Avalanche Lake is one of the most popular hiking trails in the park at 4.6 miles round trip. You can board the free shuttle bus from the Apgar Campground and hop off at the Avalanche Creek bus stop. The Trail of the Cedars meanders around before you hop on the Avalanche Lake trail. You will hike near a babbling brook and through a thick forest before you reach Avalanche Lake. This is a fairly easy hike with an elevation gain of 500 feet. Wear hiking shoes with a good grip and use a hiking stick. There is no water along the trail, so carry water and snacks with you. Once you reach the lake, find a spot where you can enjoy your snacks or packed lunch.

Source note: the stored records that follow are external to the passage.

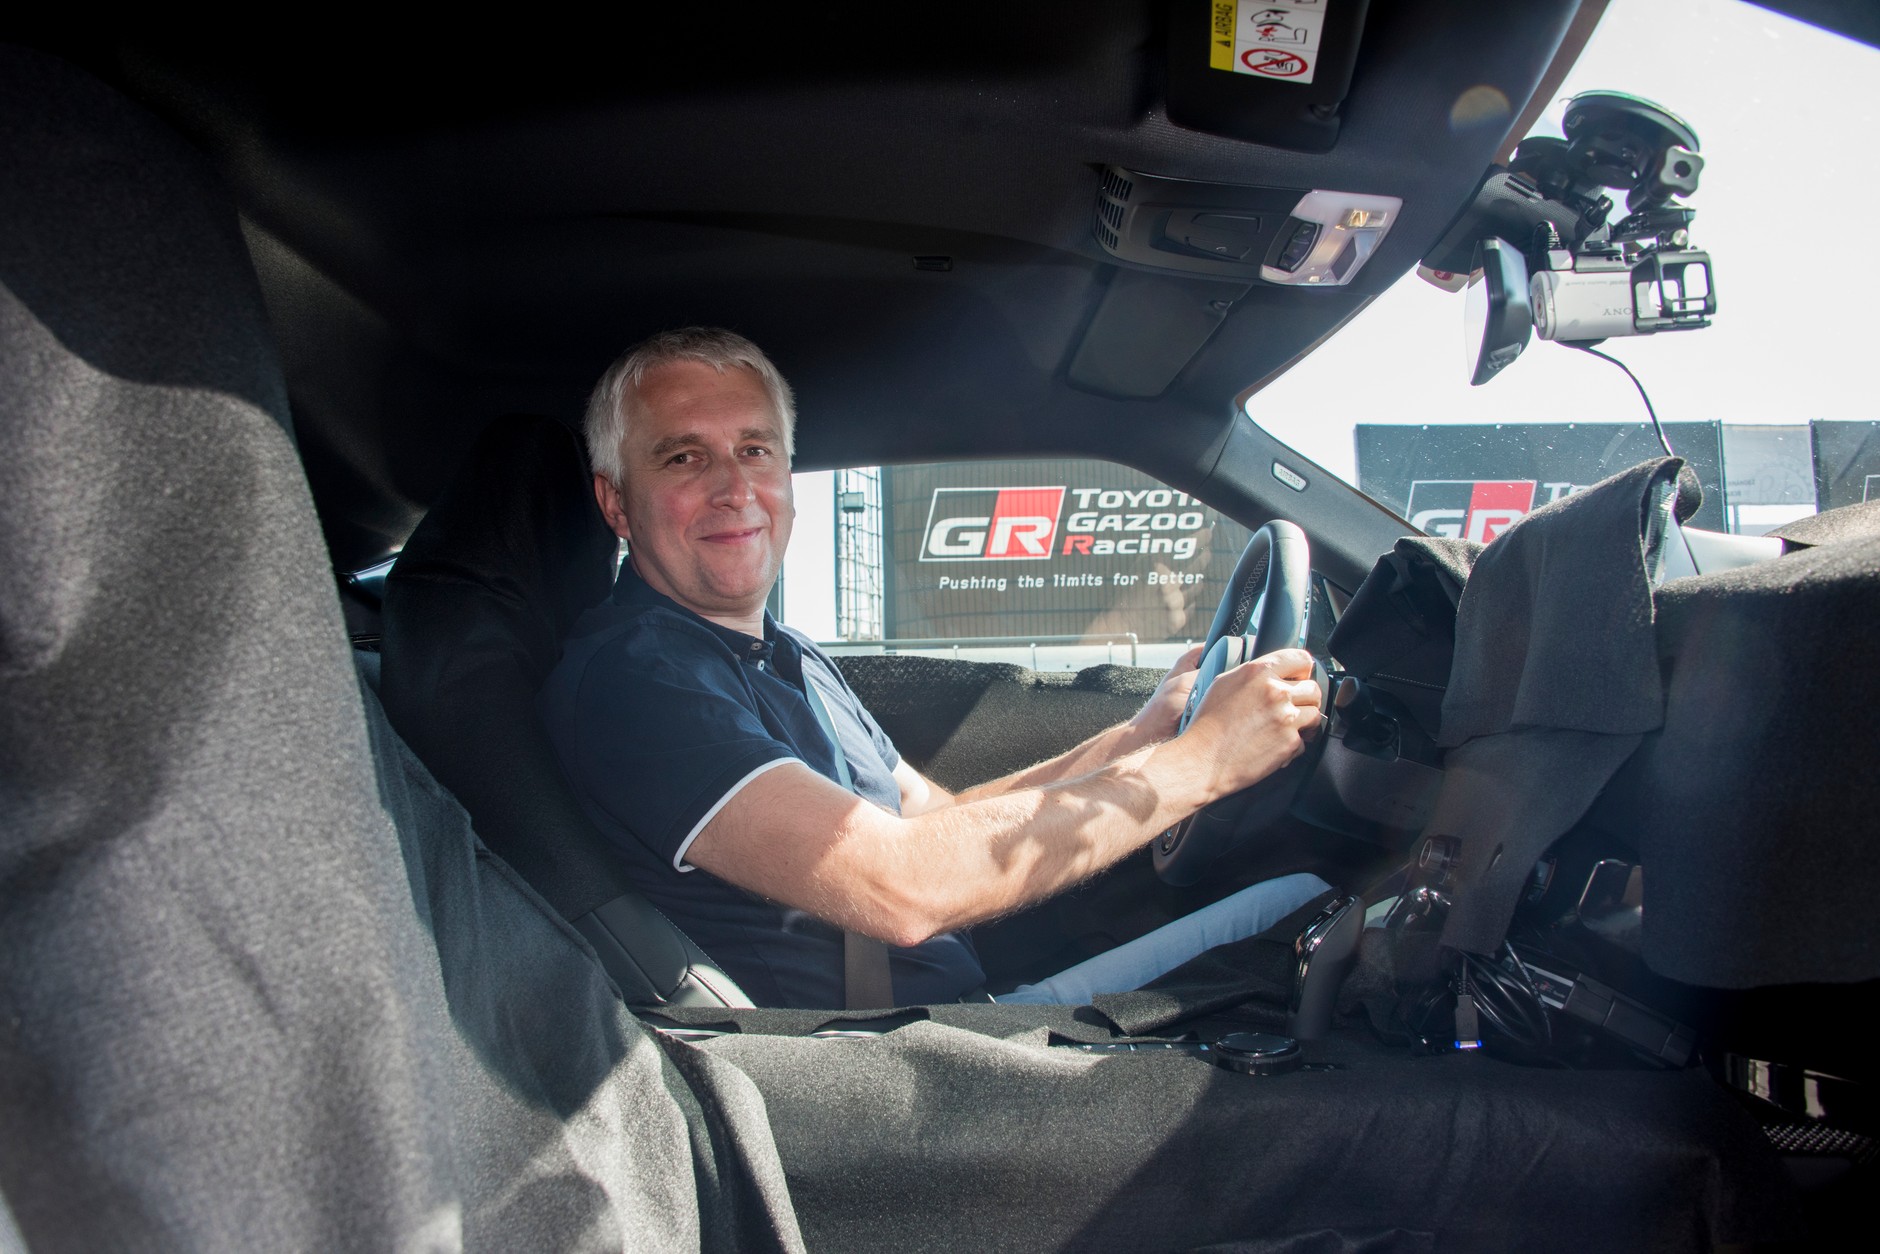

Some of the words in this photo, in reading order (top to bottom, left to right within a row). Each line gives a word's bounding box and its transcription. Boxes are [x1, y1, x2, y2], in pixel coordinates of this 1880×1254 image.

[1214, 3, 1233, 38] AIRBAG
[1601, 306, 1643, 317] SONY
[1066, 511, 1204, 532] GAZOO
[927, 516, 1053, 556] GR
[1062, 533, 1198, 560] Racing
[939, 575, 1007, 591] Pushing
[1017, 574, 1044, 588] the
[1053, 573, 1103, 588] limits
[1112, 572, 1139, 586] for
[1147, 571, 1205, 586] Better

If you arrive at the lake to find several people, head to the right and hike a little way to find an open spot along the lake. Note that mountain goats, bighorn sheep, and bears frequent this trail. Keep your eyes peeled, as you never know when wildlife will appear. This trail does have pit toilets along the trail, which is unusual in any national park. Pack toilet paper, as the supply can go fast. Most of this trail is shaded, but it can become quite warm on a summer day. Dress in layers, as the weather can turn rapidly. I have never visited this lake at sunset, but I have been told that it is stunning at that time of day. If you choose to drive to the parking lot, you will want to arrive early in the day, as it is typically full by mid-morning.

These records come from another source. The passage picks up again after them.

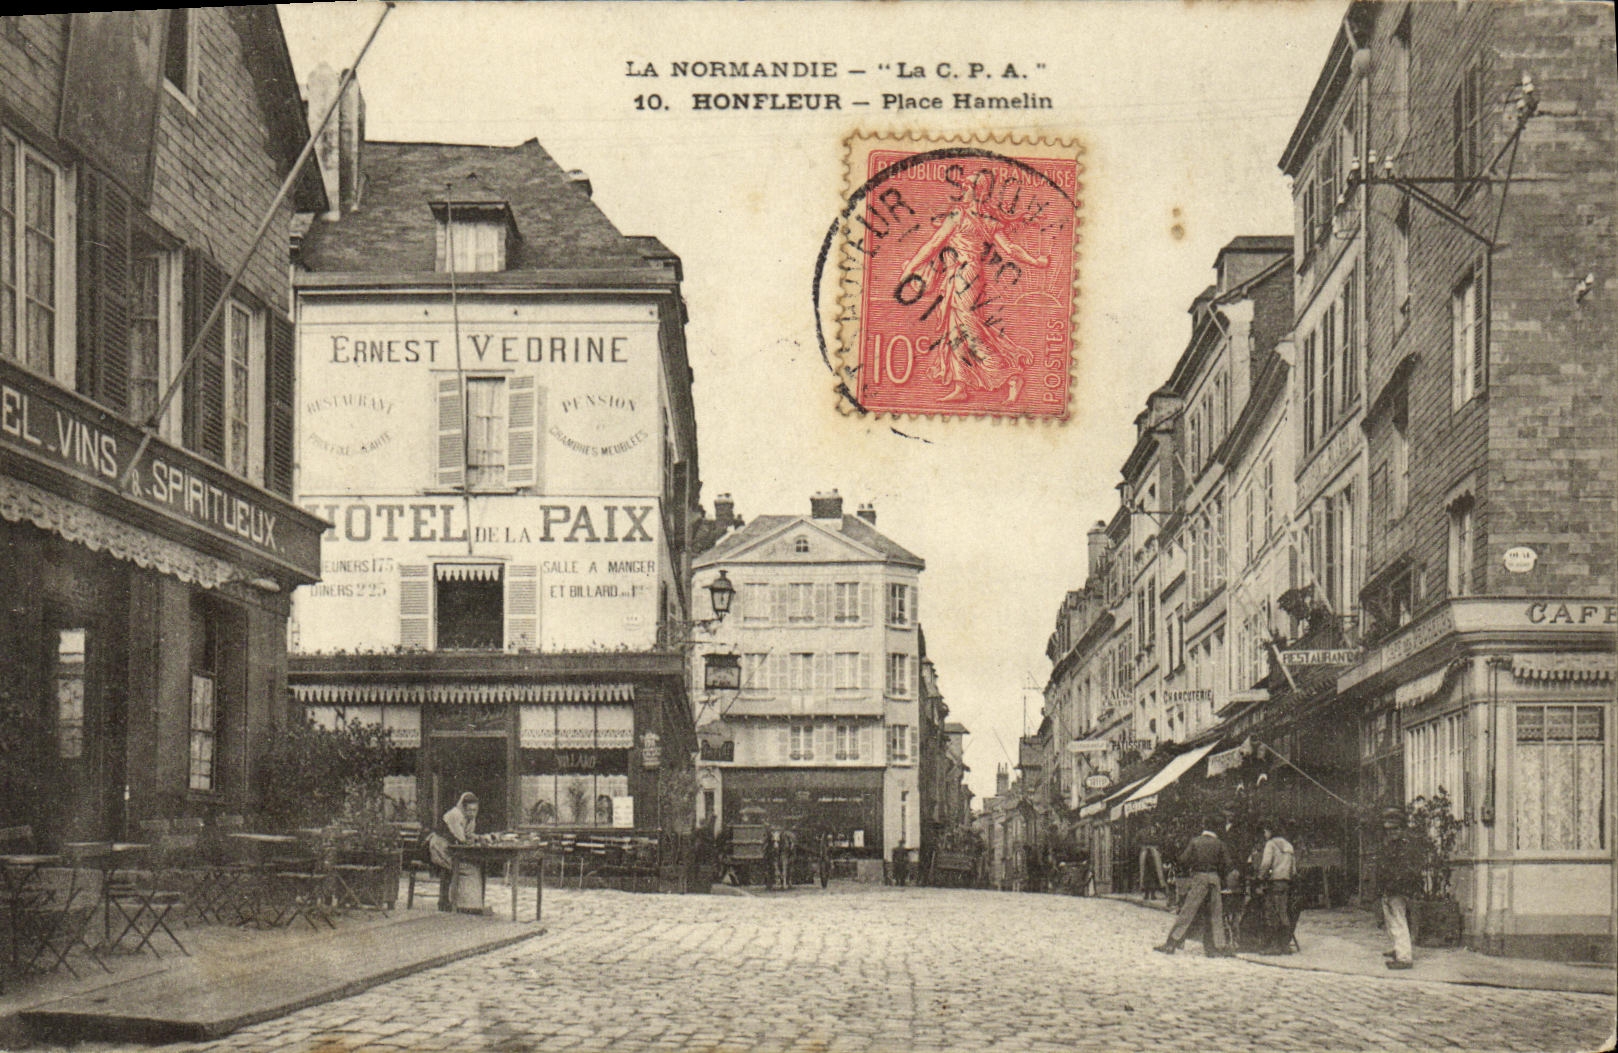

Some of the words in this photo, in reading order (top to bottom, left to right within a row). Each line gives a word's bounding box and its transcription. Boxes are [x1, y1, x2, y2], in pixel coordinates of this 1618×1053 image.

[329, 335, 439, 363] ERNEST
[467, 334, 629, 363] VEDRINE
[1042, 318, 1065, 403] POSTES
[561, 393, 636, 414] PENSION
[56, 410, 118, 479] VINS
[131, 468, 143, 497] &
[548, 424, 599, 457] CHAMBRES
[475, 526, 499, 543] DE
[505, 526, 531, 543] LA
[539, 504, 654, 542] PAIX
[543, 561, 578, 573] SALLE
[588, 561, 598, 573] A
[608, 560, 655, 573] MANGER
[550, 585, 564, 598] ET
[569, 585, 618, 598] BILLARD

Editor’s Note: Read up on our expert tips for safely viewing wildlife in national parks.

Lake McDonald in Glacier National Park.

Lake McDonald

Lake McDonald sits at the heart of Apgar Village near Apgar Campground. This lake is 10 miles long and 500 feet deep, making it the largest lake in Glacier National Park. Each time we arrive from the west side to enter Glacier National Park, we head straight to Lake McDonald. The water is crystal clear and rocks of all colors can be seen through the lake. There is parking for vehicles of all lengths in this area, but the spots can be tight. Lake McDonald Lodge sits on the shores of the lake. Ranger-led programs are held at this lodge in the evenings, and campers from the campground can walk to attend.

Horseback Rides

If you want to see the park from a view on top of a horse, you can hop on one and experience a guided horseback ride in the park. Trail rides begin at Many Glacier, Lake McDonald, and Apgar. If you enter the park from the east side, book a horseback ride that starts at Many Glacier. Lake McDonald and Apgar rides begin on the west side of the park. Trail rides vary in distance and time. One-hour, two-hour, half-day, all-day, and private trail rides are all available.

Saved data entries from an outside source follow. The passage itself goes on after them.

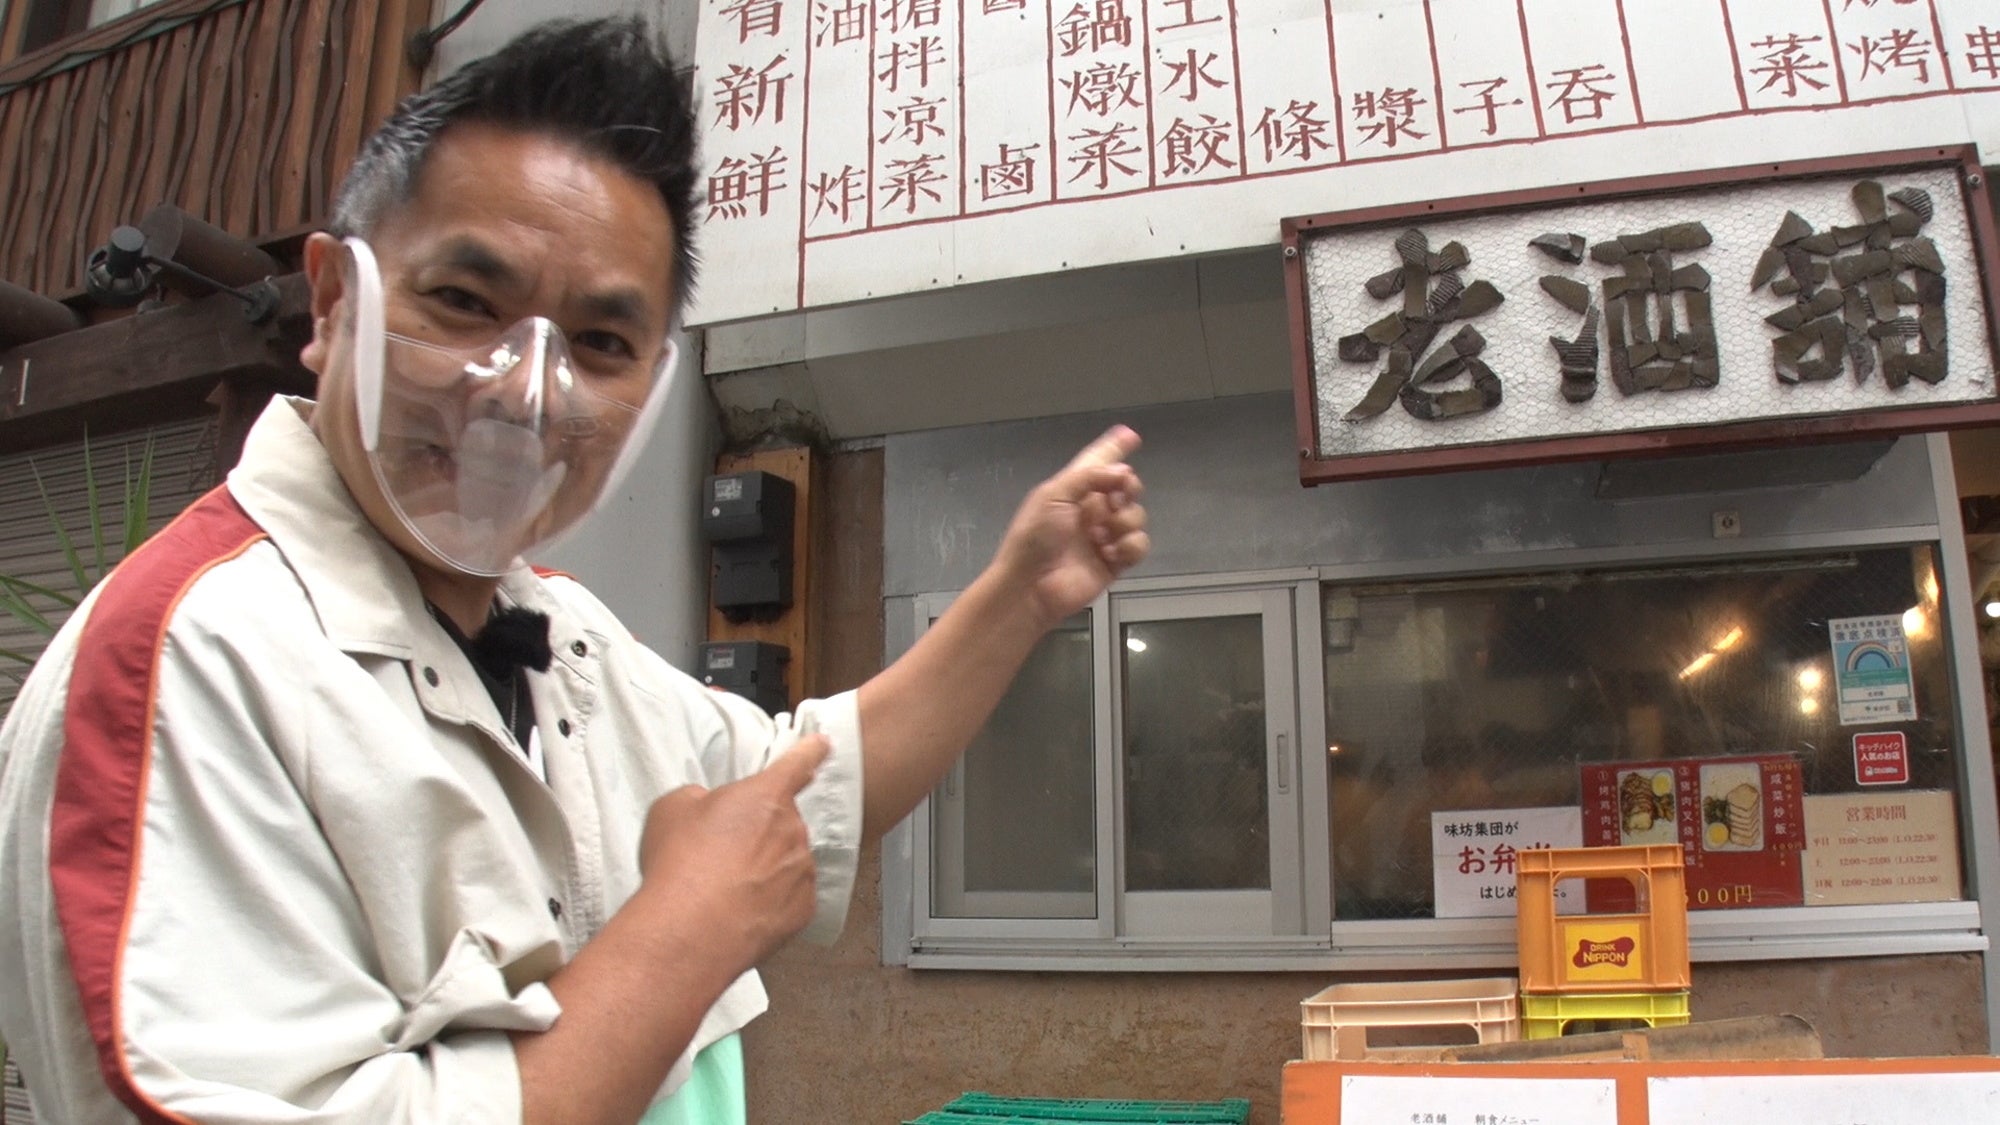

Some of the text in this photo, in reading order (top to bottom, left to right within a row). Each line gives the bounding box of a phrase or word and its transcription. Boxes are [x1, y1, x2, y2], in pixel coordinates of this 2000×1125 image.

[1840, 0, 1932, 84] 烤
[1749, 33, 1830, 97] 菜
[1453, 77, 1524, 135] 子
[1251, 100, 1334, 163] 條
[1861, 751, 1901, 761] 人気のお店
[1846, 805, 1906, 822] 営業時間
[1444, 821, 1519, 837] 味坊集団が
[1458, 842, 1550, 875] お弁
[1685, 884, 1751, 904] 00円
[1583, 951, 1625, 963] NIPPON
[1590, 944, 1616, 952] DRINK

Logan Pass in Glacier National Park.

Enjoy The Solitude

When you visit Glacier National Park in an RV, you will make family memories to carry with you forever. You can choose to do as much or as little as you like. Pull up a chair and sit outside your RV and listen to the birds, as you will have the option to do that. Enjoy the quiet of the forest and look up to view one of God's greatest masterpieces, Glacier National Park. Summer is the most popular time of year to visit, but my favorite season here is fall. The vibrant fall colors are beautiful on the Going-to-the-Sun-Road once cooler weather sets in.

Winter weather can set in at any time of year and close this famous road that traverses the park. Be patient and realize that it will open again when it is safe to open it back up. We have been stuck in traffic on the Going-to-the-Sun-Road with an epic waterfall view. The wait for the road to open up did not seem like too bad of an experience. After all, when will be the next time that you will have a stunning view of snow peak mountains with a mountain goat here and there?

Pro Tips

Pack your binoculars, sunscreen, bug spray, sweatshirts, hiking gear, and a sun hat. Each of these items will ensure that you have the time of your life on your visit to Glacier National Park in your RV. Each time you enter the park, inquire at the ticket booth about road closures and any specific information pertinent to travelers with an RV.